Parallel dazu baut der Konzern unter dem Namen Xcelerator ein Ökosystem auf, in dem nicht nur die eigenen Dienste, sondern auch die von Drittanbietern angeboten und vernetzt werden sollen. Und wer will, muss die Hard- und Software dafür nicht einmal mehr kaufen, sondern kann sie im Komplettpaket als Dienstleistung beziehen.

«Nie ein reines Softwareunternehmen»

Inzwischen geht die Hinwendung zum Digitalen manchen schon fast zu weit. «Siemens wird nie ein reines Softwareunternehmen werden», betonte der IG Metall-Hauptkassierer und Siemens-Aufsichtsrat Jürgen Kerner im August und drängte darauf, auch in die Produktion in Deutschland zu investieren. Zu den zentralen Stärken von Siemens gehöre, in beiden Welten vertreten zu sein. Dank seiner Hardware sitze der Konzern schon im Maschinenraum der Industrie – dort wo die reinen Software-Konkurrenten erst hin wollten.

«Unser Anspruch ist, dass wir uns immer wieder neu erfinden, neue Technologien und Trends antizipieren, agil bleiben und uns nicht auf Erfolgen ausruhen», sagt Busch. «Wir wollen auch die nächsten 175 Jahre weltweit eine Hauptrolle spielen.»

Dieses neu erfinden hat sich in den vergangenen Jahren nicht nur in oft digitalen Vorstößen und einer Betonung von Themen wie Klimaschutz und Ressourcenschonung gezeigt, sondern auch in einem radikalen Umbau. Während andere Unternehmen mit der Corona-Krise kämpften, die Siemens mit erstaunlicher Stabilität wegsteckte, vollendete der Konzern das Projekt Fokussierung.
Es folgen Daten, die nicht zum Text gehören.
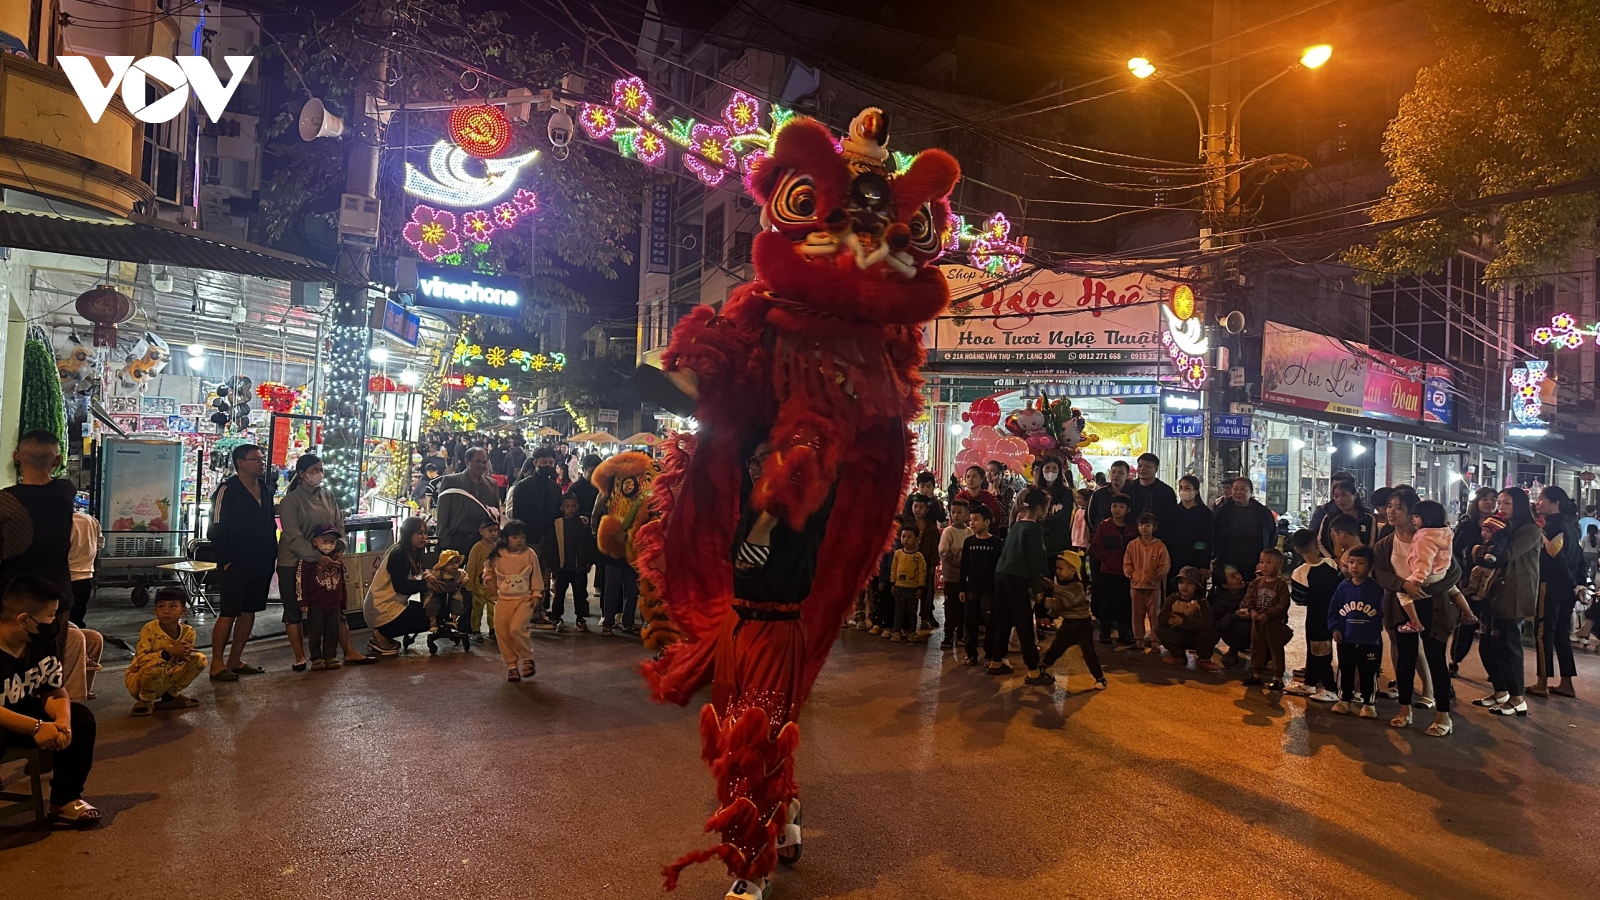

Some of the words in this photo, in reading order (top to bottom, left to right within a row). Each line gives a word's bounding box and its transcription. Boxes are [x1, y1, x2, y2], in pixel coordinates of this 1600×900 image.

[946, 268, 976, 283] Shop
[419, 275, 519, 307] vinaphone
[956, 279, 1064, 330] Ngọc
[1077, 273, 1144, 318] Huế
[959, 331, 997, 346] Hoa
[1002, 331, 1042, 346] Tươi
[1048, 330, 1097, 348] Nghệ
[1103, 330, 1159, 348] Thuật
[965, 352, 985, 360] HOÀNG
[985, 352, 998, 360] VĂN
[1026, 353, 1042, 361] LẠNG
[1043, 352, 1056, 360] SƠN
[1078, 352, 1094, 360] 0912
[1095, 352, 1107, 360] 271
[1284, 351, 1323, 386] Hoa
[1326, 359, 1357, 397] Len
[1390, 379, 1419, 412] Đoàn
[1225, 417, 1237, 425] PHỐ
[1183, 425, 1195, 434] LAI
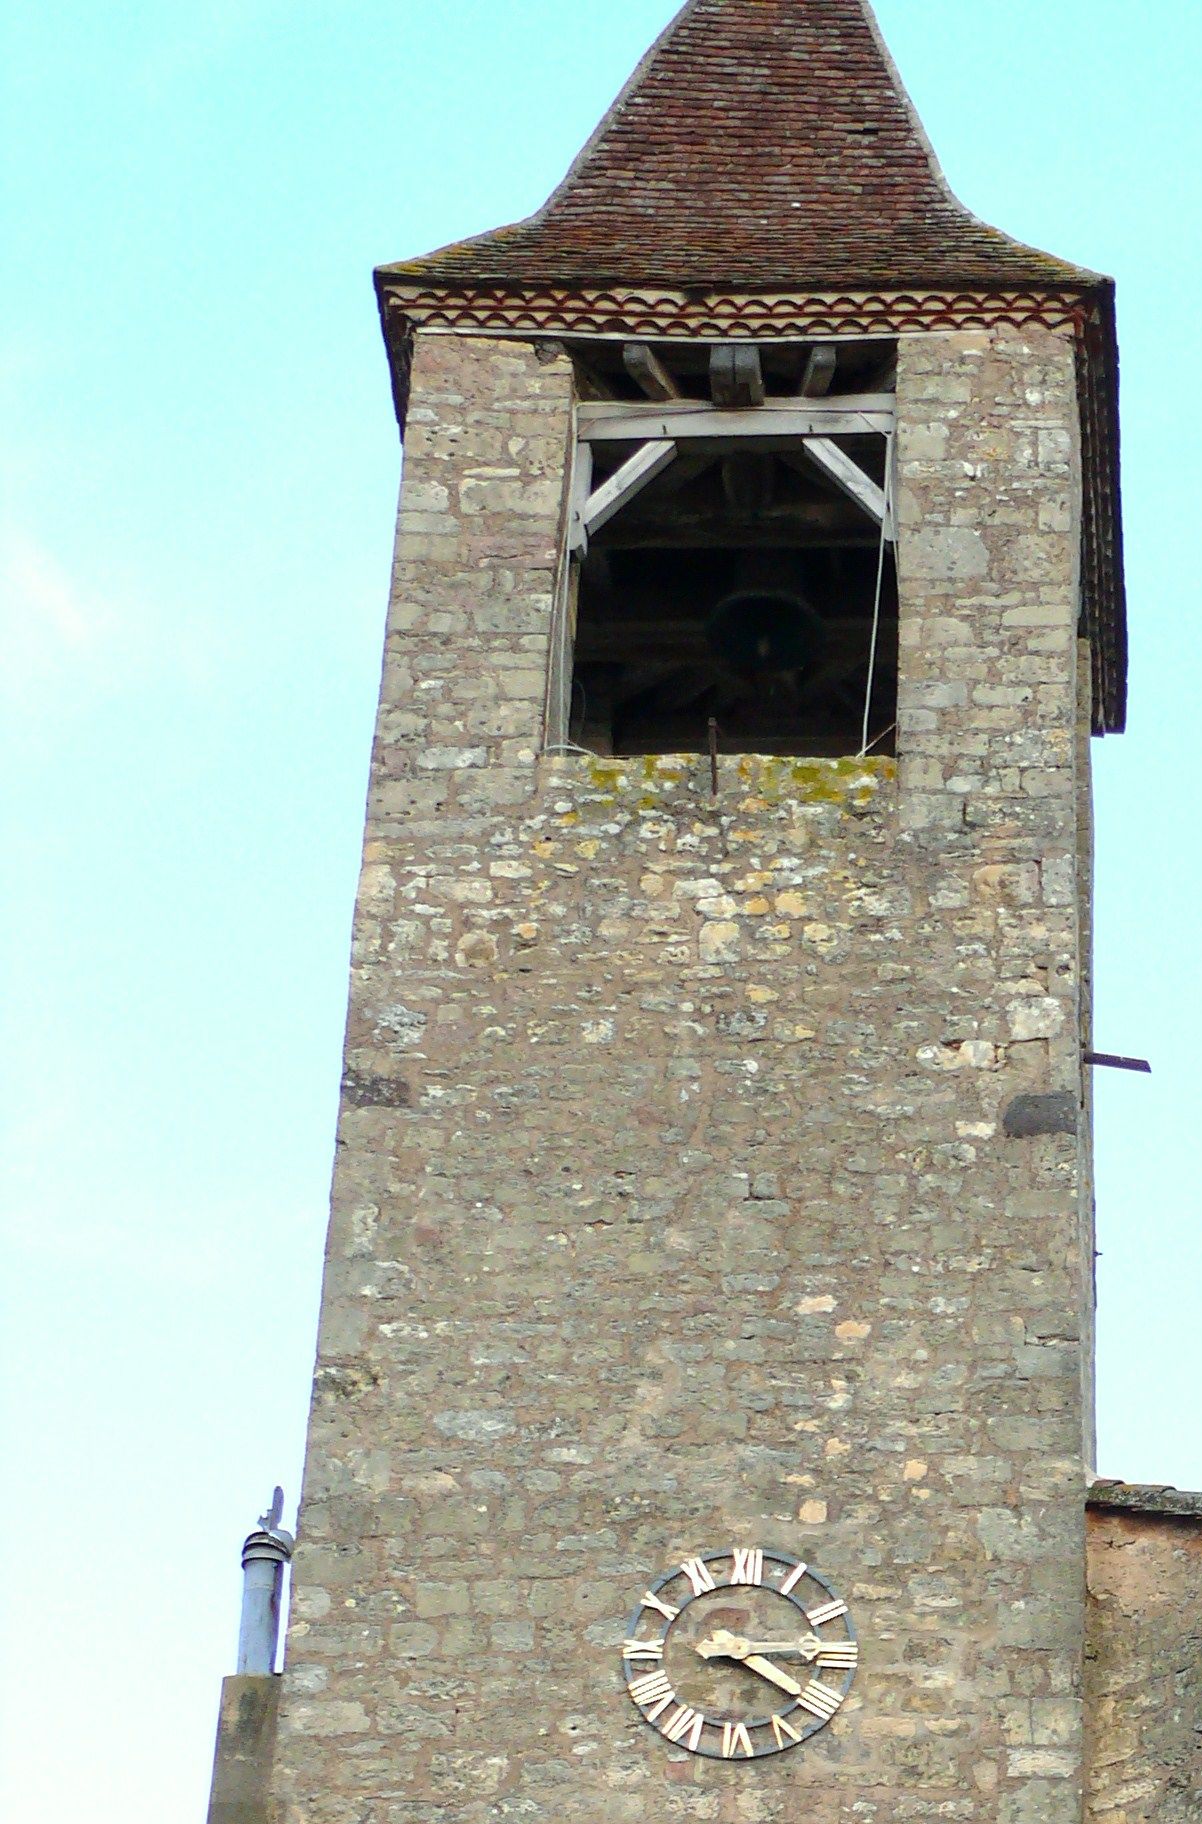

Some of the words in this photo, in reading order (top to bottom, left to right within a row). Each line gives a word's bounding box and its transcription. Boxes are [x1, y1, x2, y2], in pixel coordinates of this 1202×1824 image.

[680, 1557, 716, 1597] XI
[730, 1548, 763, 1585] XII
[780, 1562, 807, 1596] I
[640, 1591, 681, 1621] X
[806, 1599, 849, 1627] II
[623, 1639, 665, 1659] IX
[628, 1670, 676, 1722] VIII
[662, 1704, 704, 1751] VII
[723, 1722, 753, 1758] VI
[772, 1714, 801, 1750] V
Weg vom Image des Gemischtwarenladens

Nach dem eher unerfreulichen Start ins neue Jahrtausend mit Schmiergeldskandal und einer Schwächephase im Geschäft, wollte Siemens weg vom Image des Gemischtwarenladens, der alles vom Handy bis zur Gasturbine herstellte. Das ist auch der Grund für zwei der bereits angesprochenen weiteren Dax-Konzerne. Mit Siemens Healthineers und Siemens Energy haben die Münchner mit Berliner Wurzeln in den vergangenen Jahren ihre Gesundheitstechnik und ihre Energietechnik an die Börse gebracht. Beide groß genug, um selbst in den Dax aufzusteigen. Und beide gäbe es nicht, wenn nicht am 1. Oktober 1847 eine Firma gegründet worden wäre, die anfangs – aus rechtlichen Gründen – noch nicht einmal Siemens hieß, sondern nach dem Geschäftspartner Halske.

Fehlt noch der vierte Dax-Konzern. Als einziger trägt er nicht den Namen des Firmengründers, doch auch er entstand als Ausgliederung: Infineons Wurzel ist die ehemalige Halbleiter-Sparte von Siemens. Und allen vier Unternehmen ist eine weitere Besonderheit gemeinsam: Ihr Geschäftsjahr beginnt nicht wie bei den meisten deutschen Konzerne am 1. Januar, sondern am 1. Oktober – wie vor 175 Jahren die Geschichte von Siemens.